UNITED STATES DISTRICT COURT EASTERN DISTRICT OF NEW YORK ----------------------------------------------------x
TRACEY HARRIS, LAWRENCE O’ROURKE, and ANTHONY MEMORANDUM AND ORDER GAGLIANO, 22-CV-6612 (RPK) (JRC)
Plaintiffs,
v.
LOCAL 3, INTERNATIONAL BROTHERHOOD OF ELECTRICAL WORKERS,
Defendant.
----------------------------------------------------x
RACHEL P. KOVNER, United States District Judge: Plaintiffs Tracey Harris, Lawrence O’Rourke, and Anthony Gagliano—former employees of Charter Communications, Inc. (“Charter”)—claim in this lawsuit that defendant Local 3, International Brotherhood of Electrical Workers (“Local 3”), breached its duty of fair representation under the National Labor Relations Act, 29 U.S.C. § 159(a). Plaintiffs specifically allege that Local 3 violated this duty by distributing money that the union received from Charter as part of a settlement relating to a strike by Charter employees to Local 3 retirees, most of whom had never worked for Charter. Local 3 moves for summary judgment, arguing that the undisputed evidence shows that Local 3 never received money as part of a settlement with Charter. Because plaintiffs have failed to marshal any evidence suggesting otherwise, Local 3’s motion is granted. BACKGROUND The following facts are taken from the parties’ Rule 56.1 statements and relevant portions of the record and are undisputed unless otherwise noted. A. The Charter Strike and its Aftermath Plaintiffs are former employees of Charter, and were also members of Local 3. Local 3 acted as the collective bargaining representative for Charter’s service technicians until 2022. See Local 3 Rule 56.1 Statement ¶ 19 (Dkt. #53). In 2017, Local 3 called a strike against Charter. Id. ¶ 4.

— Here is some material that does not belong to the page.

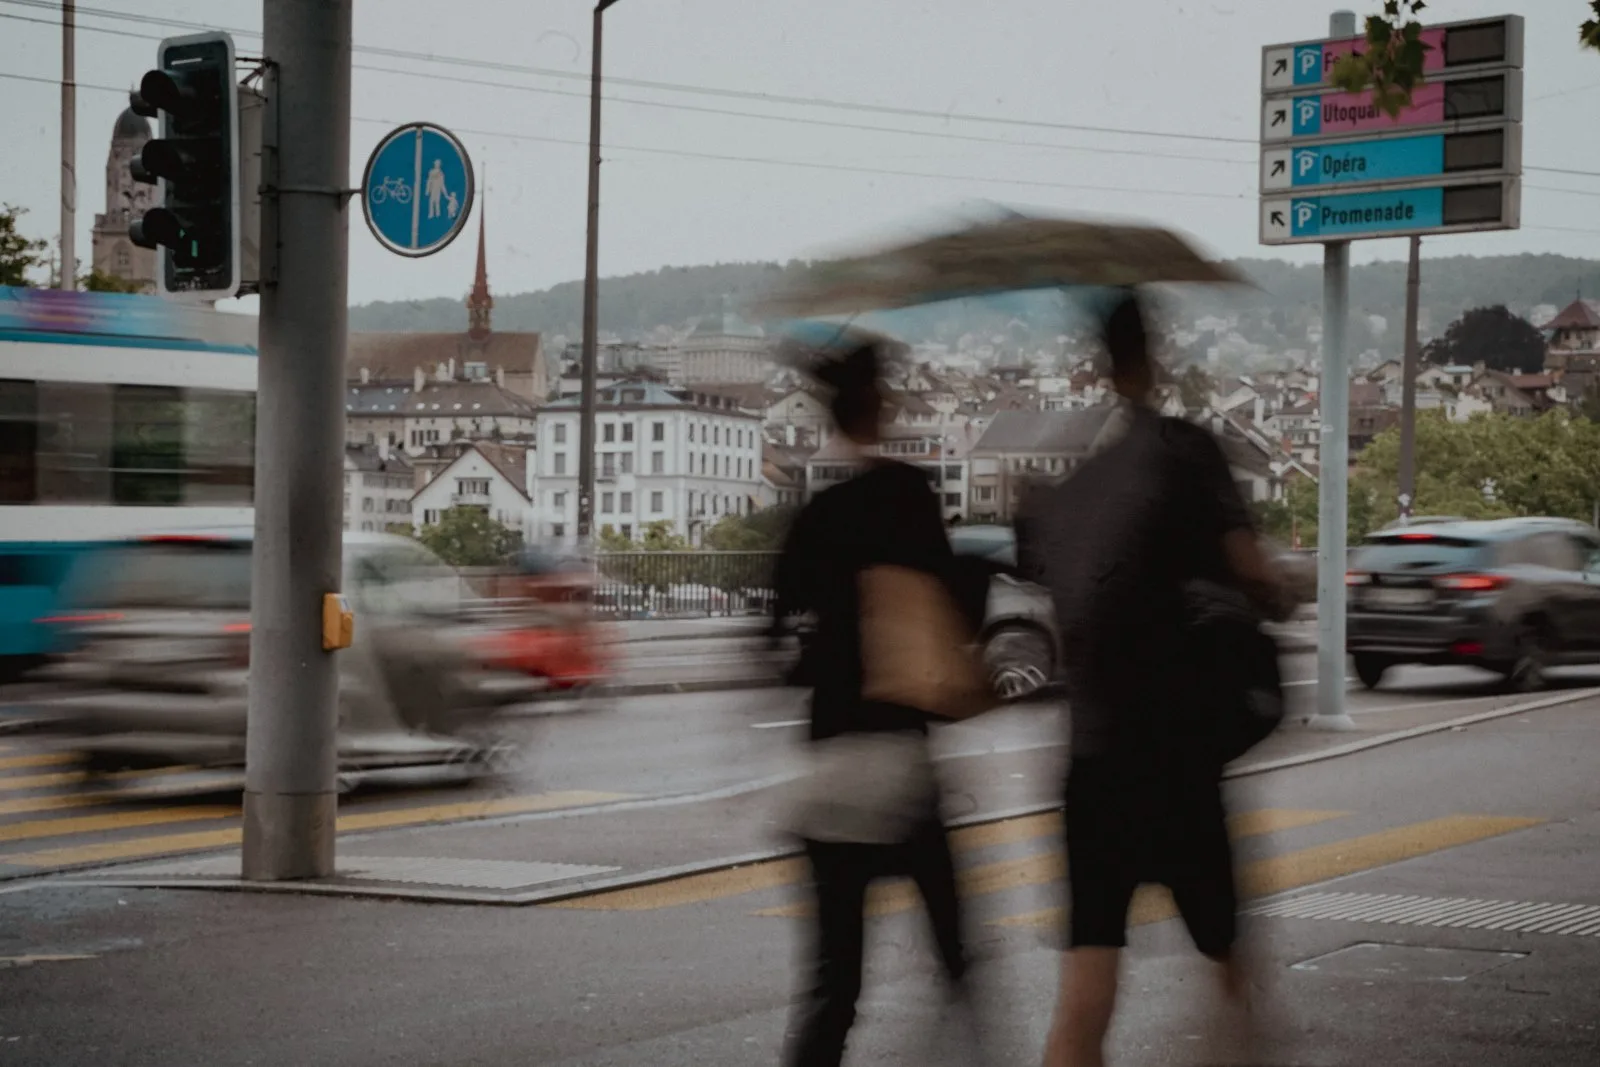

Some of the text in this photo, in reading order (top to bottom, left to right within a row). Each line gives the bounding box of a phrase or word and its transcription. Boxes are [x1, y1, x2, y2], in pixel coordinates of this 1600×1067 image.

After the strike began, Charter continued to operate with replacement employees, supervisors, and workers who crossed the picket line. Id. ¶¶ 21–22. The company also unilaterally removed members of the Local 3 bargaining unit from a pension plan to which Charter had long contributed. Id. ¶ 6. Specifically, Charter terminated Local 3 members’ participation in multiemployer employee benefit pension and welfare plans run by the Joint Industry Board of the Electrical Industry (“JIBEI”)—including the Pension Trust Fund of the Pension, Hospitalization and Benefit Plan of the Electrical Industry (the “JIB Pension Plan”), a pension plan to which essentially all employers that have a collective bargaining agreement with Local 3 contribute for covered employees. Id. ¶¶ 7–9.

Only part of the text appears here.